**STUDY MATERIAL**.
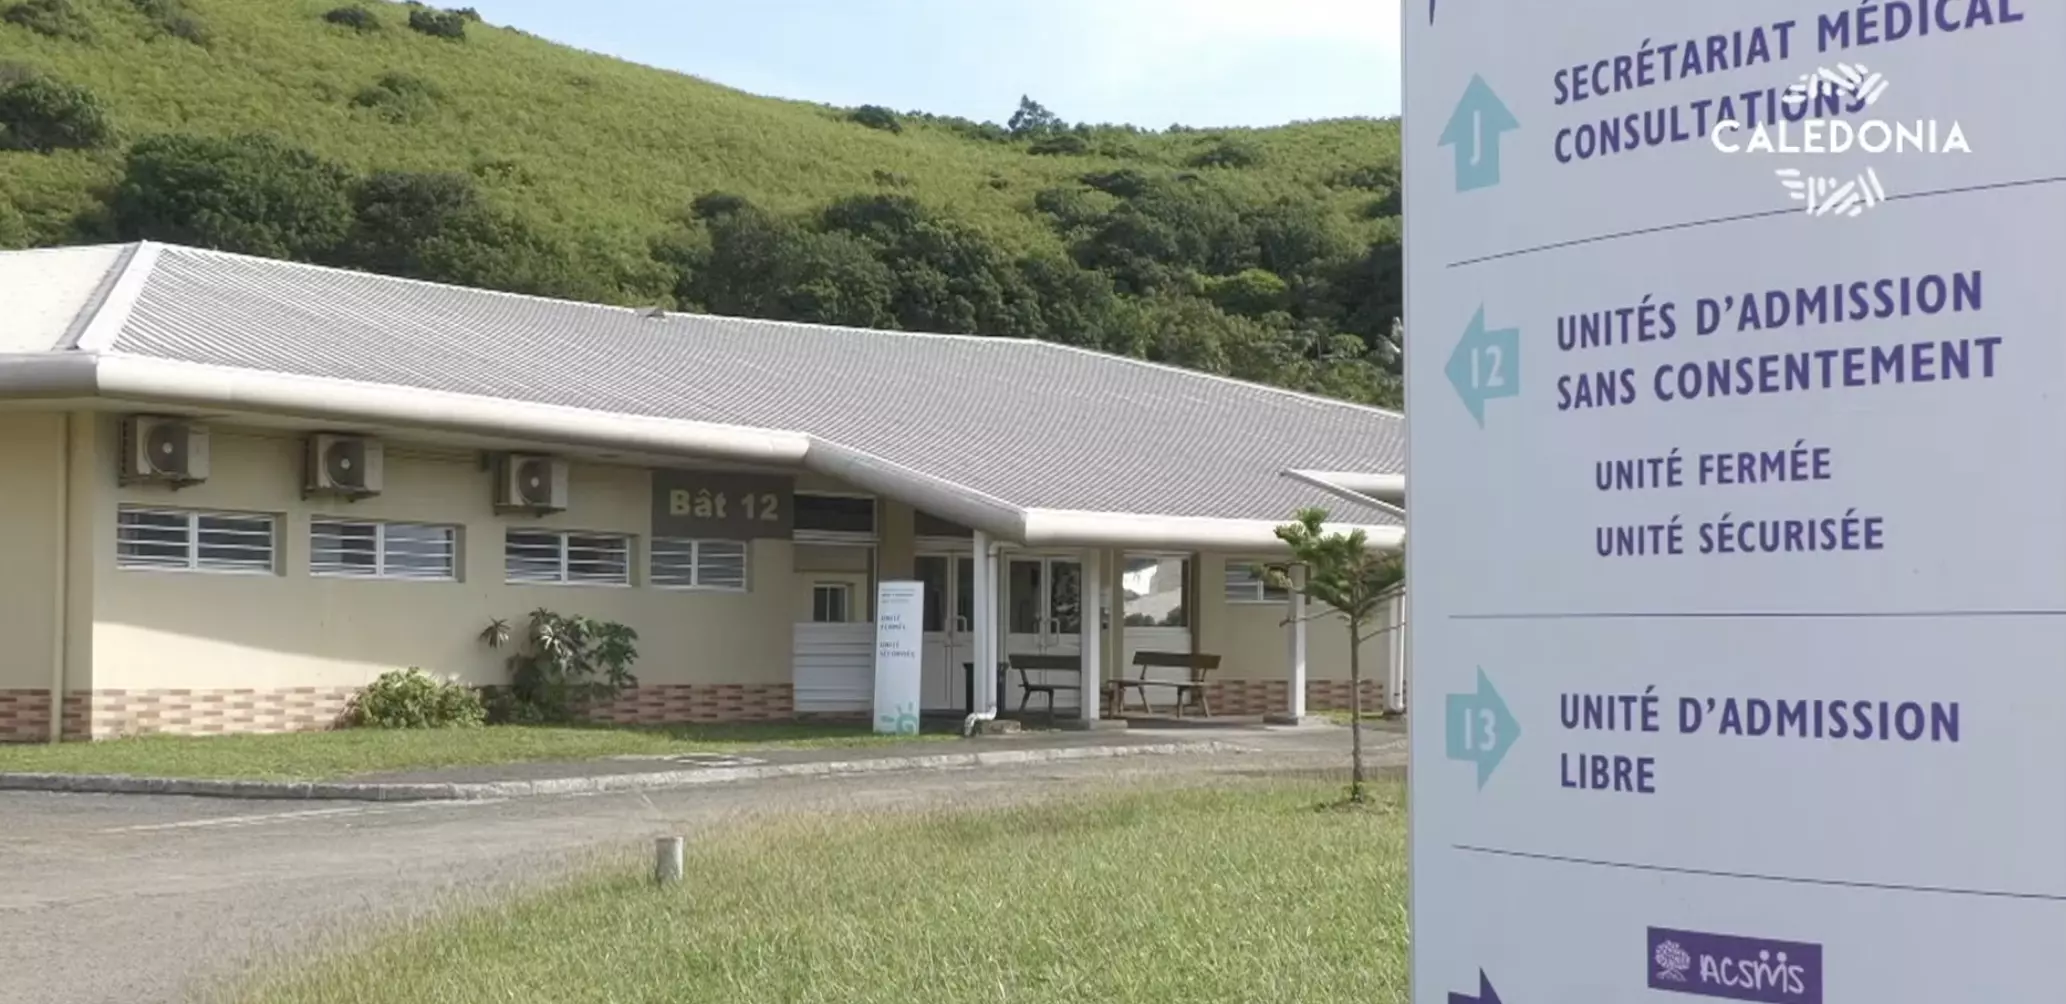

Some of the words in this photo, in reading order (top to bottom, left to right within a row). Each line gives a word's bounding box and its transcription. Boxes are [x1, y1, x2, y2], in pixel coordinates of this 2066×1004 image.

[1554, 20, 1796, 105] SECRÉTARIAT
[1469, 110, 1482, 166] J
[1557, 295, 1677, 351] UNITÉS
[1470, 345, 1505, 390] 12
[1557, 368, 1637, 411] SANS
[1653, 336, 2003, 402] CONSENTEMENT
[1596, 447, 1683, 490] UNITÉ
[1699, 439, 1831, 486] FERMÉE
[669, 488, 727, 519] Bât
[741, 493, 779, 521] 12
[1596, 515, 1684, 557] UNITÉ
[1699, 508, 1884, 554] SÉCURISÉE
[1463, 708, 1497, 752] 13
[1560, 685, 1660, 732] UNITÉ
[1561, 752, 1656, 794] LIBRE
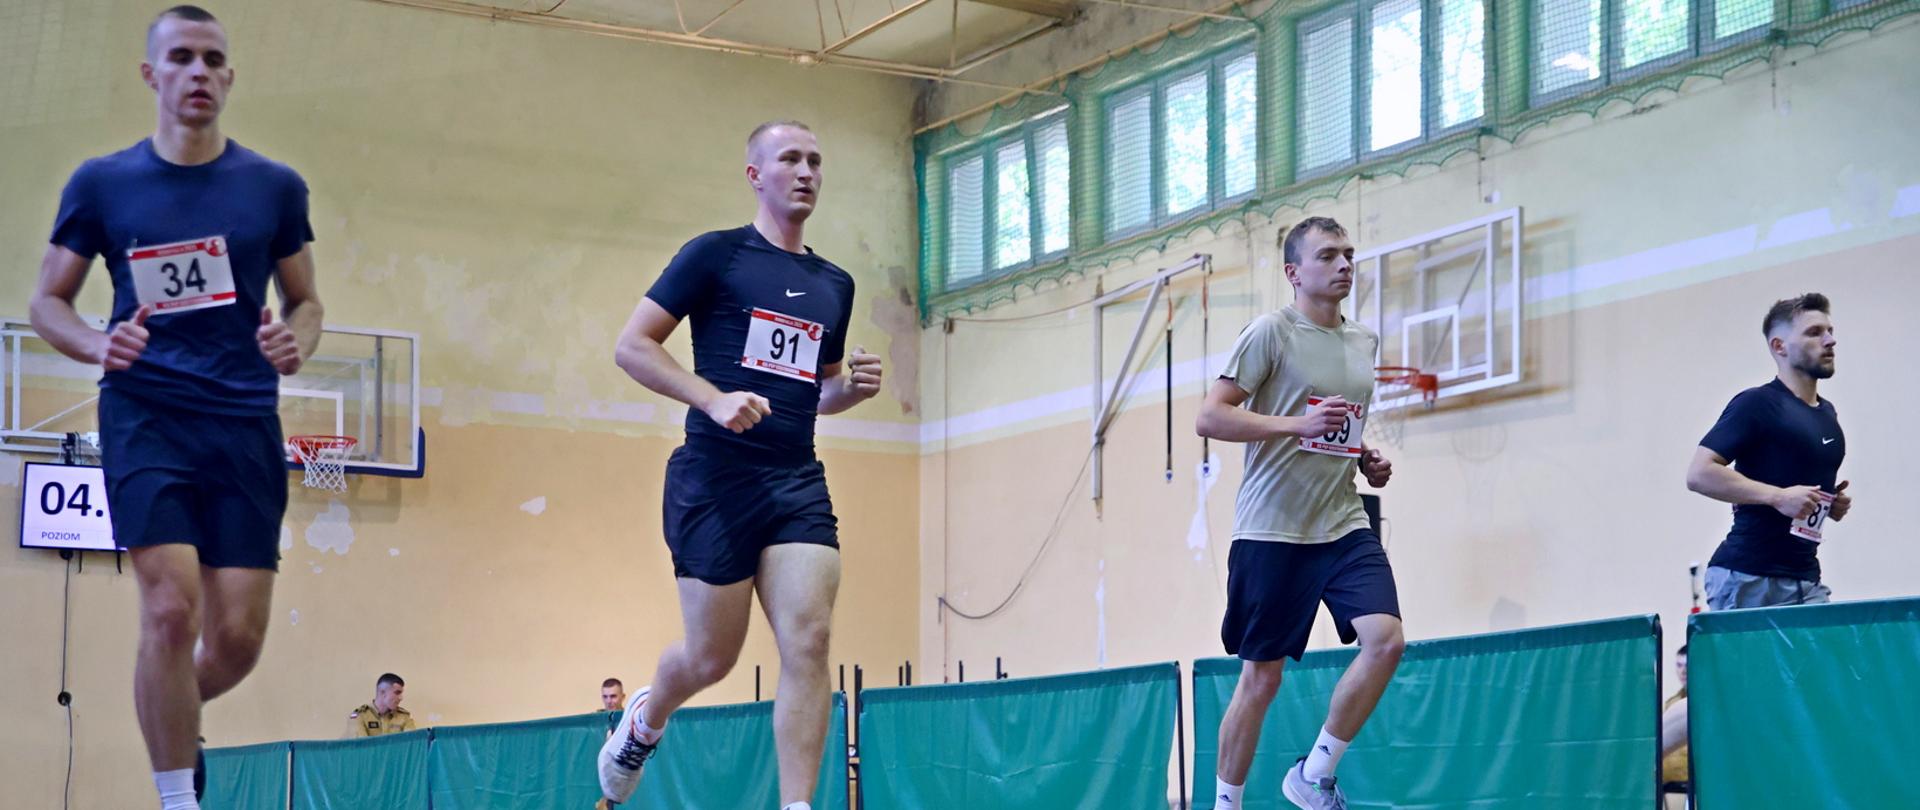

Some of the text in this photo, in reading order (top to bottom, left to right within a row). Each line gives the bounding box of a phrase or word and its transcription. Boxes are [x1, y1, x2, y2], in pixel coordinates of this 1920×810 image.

**REQUIRED ACTION**. Would you return all of the data above word for word, omitting every picture?

**SOLUTION TO THIS TASK**.
Some of the words in this photo, in reading order (top to bottom, left to right within a row). Each line gives a word's bounding box and its transcription. Boxes are [x1, y1, x2, y2], in pixel coordinates of this 2066×1004 image.

[1554, 20, 1796, 105] SECRÉTARIAT
[1469, 110, 1482, 166] J
[1557, 295, 1677, 351] UNITÉS
[1470, 345, 1505, 390] 12
[1557, 368, 1637, 411] SANS
[1653, 336, 2003, 402] CONSENTEMENT
[1596, 447, 1683, 490] UNITÉ
[1699, 439, 1831, 486] FERMÉE
[669, 488, 727, 519] Bât
[741, 493, 779, 521] 12
[1596, 515, 1684, 557] UNITÉ
[1699, 508, 1884, 554] SÉCURISÉE
[1463, 708, 1497, 752] 13
[1560, 685, 1660, 732] UNITÉ
[1561, 752, 1656, 794] LIBRE

Some of the text in this photo, in reading order (top to bottom, left to right within a row). Each line gives the bounding box of a phrase or word and its transcription. Boxes are [x1, y1, x2, y2], in pixel coordinates of this 1920×810 image.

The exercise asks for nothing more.